AIM OF THE EXERCISE -
Would you transcribe each entry exactly as it stands, omitting the pictures?

MATERIAL SUPPLIED -
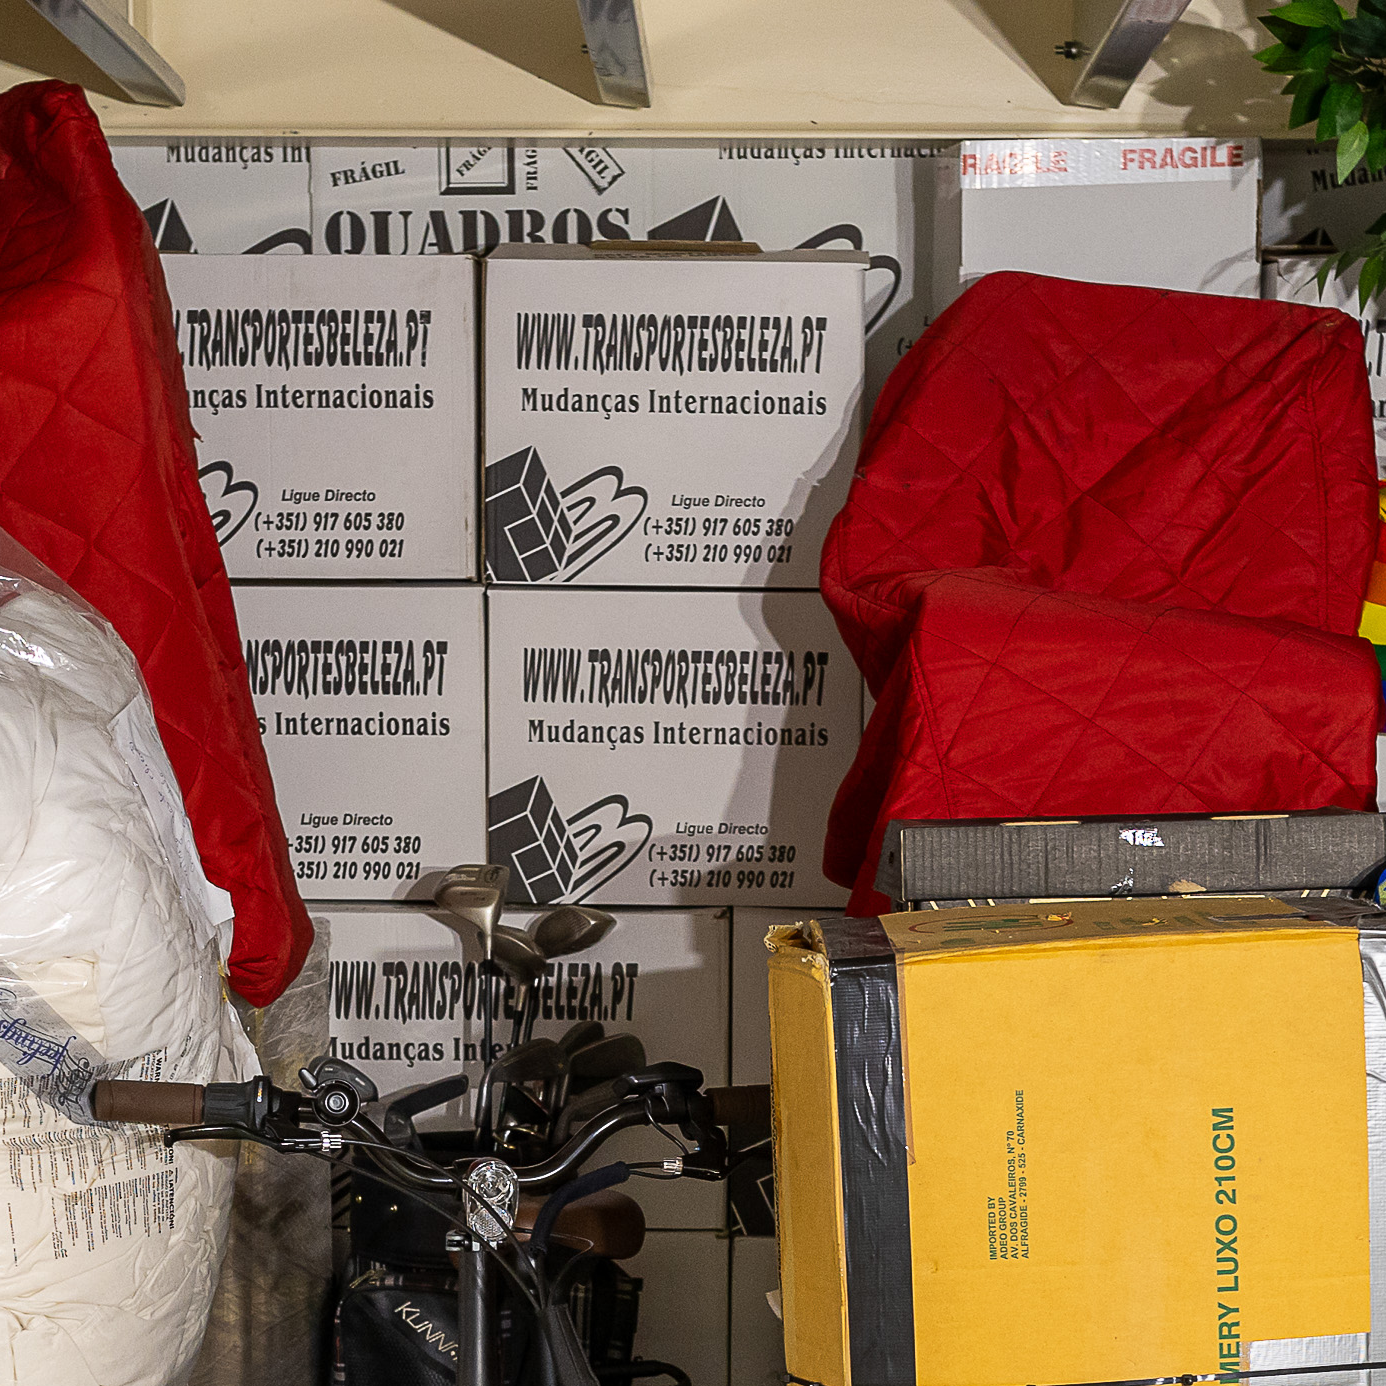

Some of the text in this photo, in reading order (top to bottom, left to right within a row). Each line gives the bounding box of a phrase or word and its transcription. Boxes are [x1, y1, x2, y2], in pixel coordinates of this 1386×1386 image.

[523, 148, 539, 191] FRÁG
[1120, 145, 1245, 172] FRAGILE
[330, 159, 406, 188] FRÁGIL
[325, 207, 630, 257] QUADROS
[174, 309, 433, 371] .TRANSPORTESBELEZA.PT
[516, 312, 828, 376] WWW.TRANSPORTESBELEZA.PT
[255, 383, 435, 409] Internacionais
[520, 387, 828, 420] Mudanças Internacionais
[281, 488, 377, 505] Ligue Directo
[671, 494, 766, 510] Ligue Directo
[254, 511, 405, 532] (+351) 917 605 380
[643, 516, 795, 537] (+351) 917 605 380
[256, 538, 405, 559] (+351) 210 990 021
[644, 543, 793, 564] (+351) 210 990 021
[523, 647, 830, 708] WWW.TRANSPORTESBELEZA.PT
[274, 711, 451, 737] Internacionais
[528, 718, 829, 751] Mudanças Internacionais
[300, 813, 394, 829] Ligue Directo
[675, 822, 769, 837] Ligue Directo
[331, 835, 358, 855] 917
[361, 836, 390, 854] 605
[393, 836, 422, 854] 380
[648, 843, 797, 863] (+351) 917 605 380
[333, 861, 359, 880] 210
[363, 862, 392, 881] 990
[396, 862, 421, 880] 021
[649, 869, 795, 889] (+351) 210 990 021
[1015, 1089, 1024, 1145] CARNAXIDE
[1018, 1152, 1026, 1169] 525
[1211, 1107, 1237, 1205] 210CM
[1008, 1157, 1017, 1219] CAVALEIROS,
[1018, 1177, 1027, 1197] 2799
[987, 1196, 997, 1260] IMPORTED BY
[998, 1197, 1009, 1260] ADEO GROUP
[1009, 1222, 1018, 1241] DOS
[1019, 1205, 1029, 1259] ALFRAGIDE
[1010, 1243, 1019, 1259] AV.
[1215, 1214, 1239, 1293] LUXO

COMPLETED TASK -
Some of the text in this photo, in reading order (top to bottom, left to right within a row). Each line gives the bounding box of a phrase or word and its transcription. Boxes are [x1, y1, x2, y2], in pixel coordinates of this 1386×1386 image.

[523, 148, 539, 191] FRÁG
[1120, 145, 1245, 172] FRAGILE
[330, 159, 406, 188] FRÁGIL
[325, 207, 630, 257] QUADROS
[174, 309, 433, 371] .TRANSPORTESBELEZA.PT
[516, 312, 828, 376] WWW.TRANSPORTESBELEZA.PT
[255, 383, 435, 409] Internacionais
[520, 387, 828, 420] Mudanças Internacionais
[281, 488, 377, 505] Ligue Directo
[671, 494, 766, 510] Ligue Directo
[254, 511, 405, 532] (+351) 917 605 380
[643, 516, 795, 537] (+351) 917 605 380
[256, 538, 405, 559] (+351) 210 990 021
[644, 543, 793, 564] (+351) 210 990 021
[523, 647, 830, 708] WWW.TRANSPORTESBELEZA.PT
[274, 711, 451, 737] Internacionais
[528, 718, 829, 751] Mudanças Internacionais
[300, 813, 394, 829] Ligue Directo
[675, 822, 769, 837] Ligue Directo
[331, 835, 358, 855] 917
[361, 836, 390, 854] 605
[393, 836, 422, 854] 380
[648, 843, 797, 863] (+351) 917 605 380
[333, 861, 359, 880] 210
[363, 862, 392, 881] 990
[396, 862, 421, 880] 021
[649, 869, 795, 889] (+351) 210 990 021
[1015, 1089, 1024, 1145] CARNAXIDE
[1018, 1152, 1026, 1169] 525
[1211, 1107, 1237, 1205] 210CM
[1008, 1157, 1017, 1219] CAVALEIROS,
[1018, 1177, 1027, 1197] 2799
[987, 1196, 997, 1260] IMPORTED BY
[998, 1197, 1009, 1260] ADEO GROUP
[1009, 1222, 1018, 1241] DOS
[1019, 1205, 1029, 1259] ALFRAGIDE
[1010, 1243, 1019, 1259] AV.
[1215, 1214, 1239, 1293] LUXO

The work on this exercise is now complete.